О том, какой была Мария, вспоминает ее сестра, моя средняя дочь Екатерина Аннинская.
Екатерина Аннинская
У подъезда стоит твоя машина — нежно-золотистая, украшенная рисунками. Ничего похожего ни на вечных лошадок-хищников-девушек, ни на банальные хвастливые надписи, какими пестрят улицы.
На твоей машине — разноцветные буквы. Не слова даже, а как будто кто-то взял и швырнул пригоршню буковок, и они разлетелись и прилипли в кажущемся хаосе. А точнее — в тщательно продуманном беспорядке.
Обычный твой стиль, и прическа ведь такая была: небрежно взъерошенные волосы, но каждая своенравно торчащая прядь — на своем, точно определенном для нее, месте. Затейливые бусы. Задорно торчащий платочек на шее. Озорной и чуть рассеянный облик.
Этот характер передавался и твоим керамическим творениям: забавным и трогательным, нарочито неправильной формы, иногда сияющим яркими праздничными красками, порой выполненным в сдержанной гамме, но всегда чуть-чуть хулиганским. Мечтательный ангел с носом-картошкой, блюдо на обутых в кокетливые чулочки и башмачки ножках (будешь плохо с ним обращаться — убежит к другому хозяину, ой, смотри, Федора), веселые собачки в нарядных рубашках.
И фотографии, от которых перехватывало дыхание. Ты умела увидеть красоту не просто в обыденном — в уродливом. Разглядеть — и вытащить ее на свет, показать всем.

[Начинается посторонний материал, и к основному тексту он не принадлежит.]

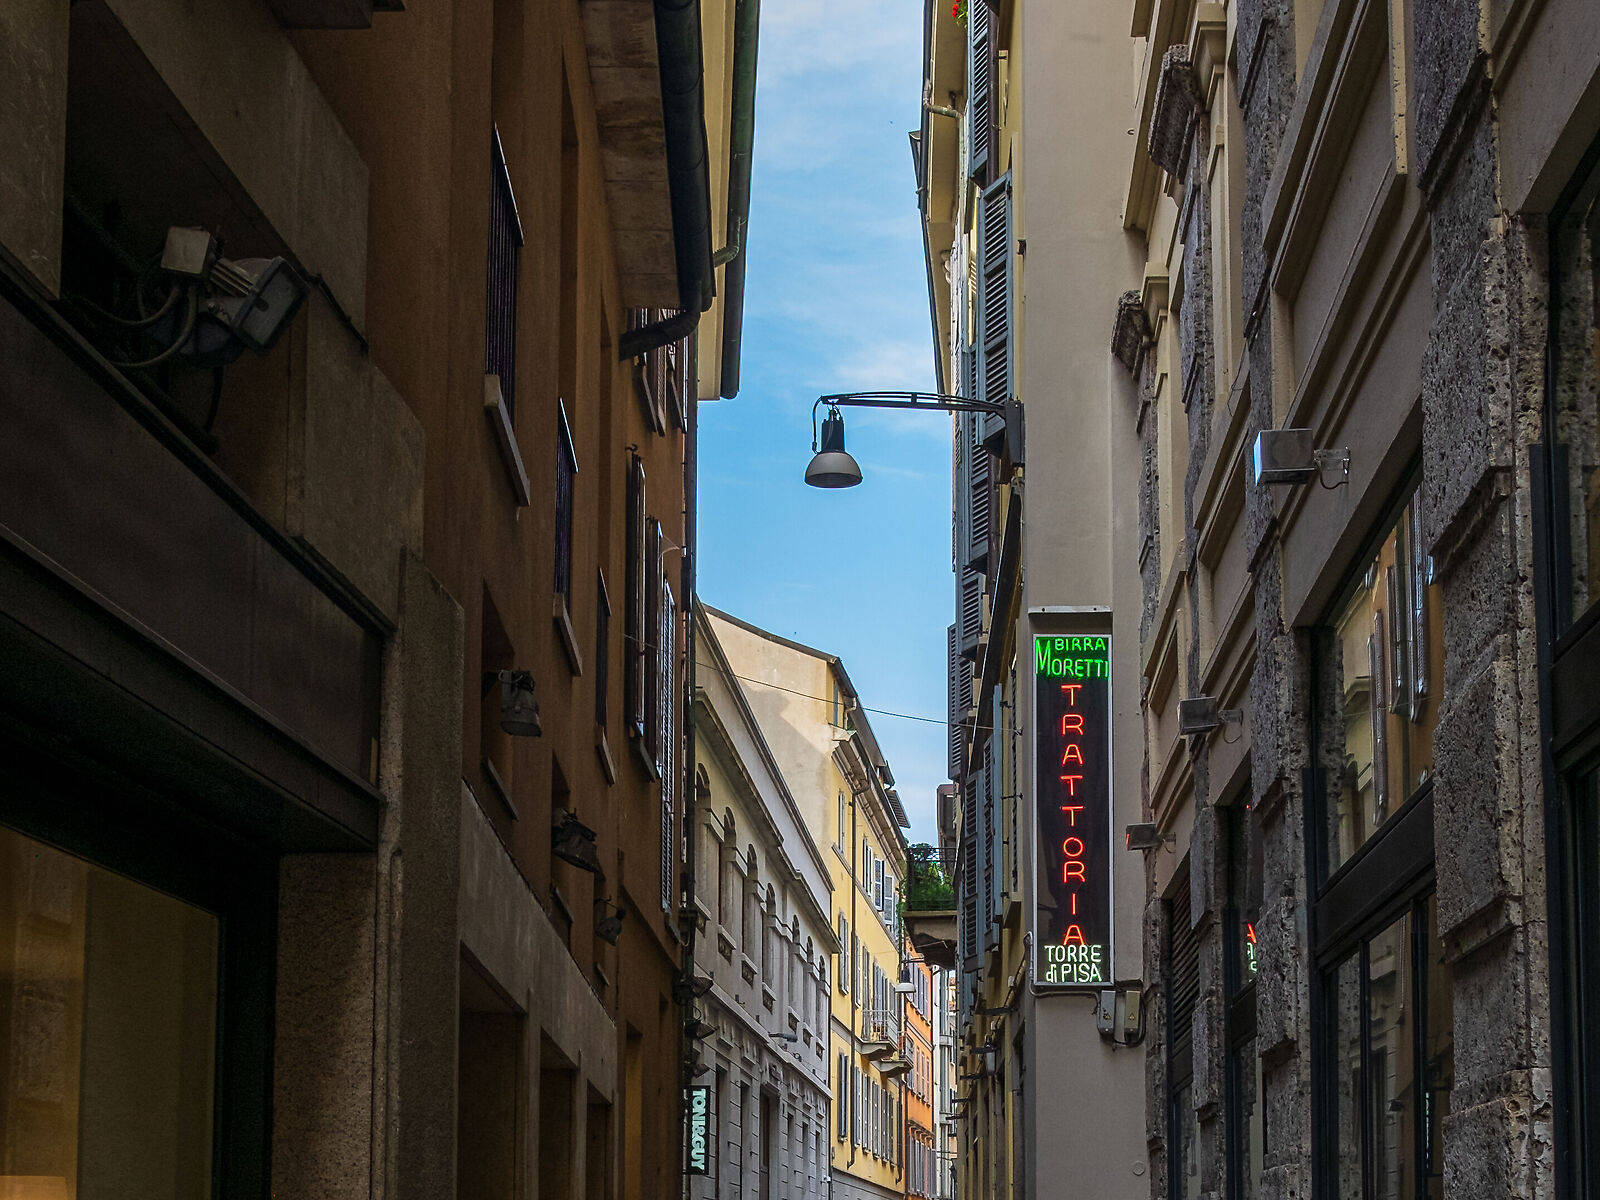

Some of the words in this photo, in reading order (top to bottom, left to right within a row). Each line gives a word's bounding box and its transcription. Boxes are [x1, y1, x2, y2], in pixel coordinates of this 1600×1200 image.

Трещины на стекле, пятна на стене, сплетение веток и проводов — все превращалось у тебя в узор, обретало смысл, оживало. Даже мусор, выброшенный на свалку, казался россыпью драгоценных камней. Потому что на него упали солнечные лучи — и твой внимательный взгляд.
Фотографировала ты до конца. Даже когда болезнь уже полностью сжала тиски, не оставляя ни сил, ни времени, когда истаивали последние месяцы и недели жизни, ты продолжала смотреть — и удивляться этому миру, и любить его.
Два «Спутника» — старое и новое здание. Странное облако, похожее на огненную стрелу, перечеркнувшую небо. То, что ты видела из окна, уже не имея возможности выходить из дома.
И переводила до конца, спеша закончить работу. Успела.
Не будет больше теплых, нежных, шутливых твоих творений. Влажная глина не дождется твоих чутких рук. И уже кто-то другой остановится, внезапно разглядев необычное в примятой травинке, неприметной трещинке, отражении, мелькнувшем в стекле. Остановится — и достанет фотоаппарат.
Кто-то другой будет гулять по древним улочкам Парижа и Арля, смаковать луарские вина, перекладывать утонченные и певучие французские тексты на русский язык. Не ты.
Хочется верить, что там, куда ты ушла, у тебя будут безграничные возможности для творчества и любви и бесконечное количество пищи для пытливого ума и поводов для радостного удивления миру.
Прощай, сестра. Или, может, все-таки до свидания.
Вечная память, Маша!
Глубокая благодарность!
И еще — что очень важно — родительская, отцовская гордость!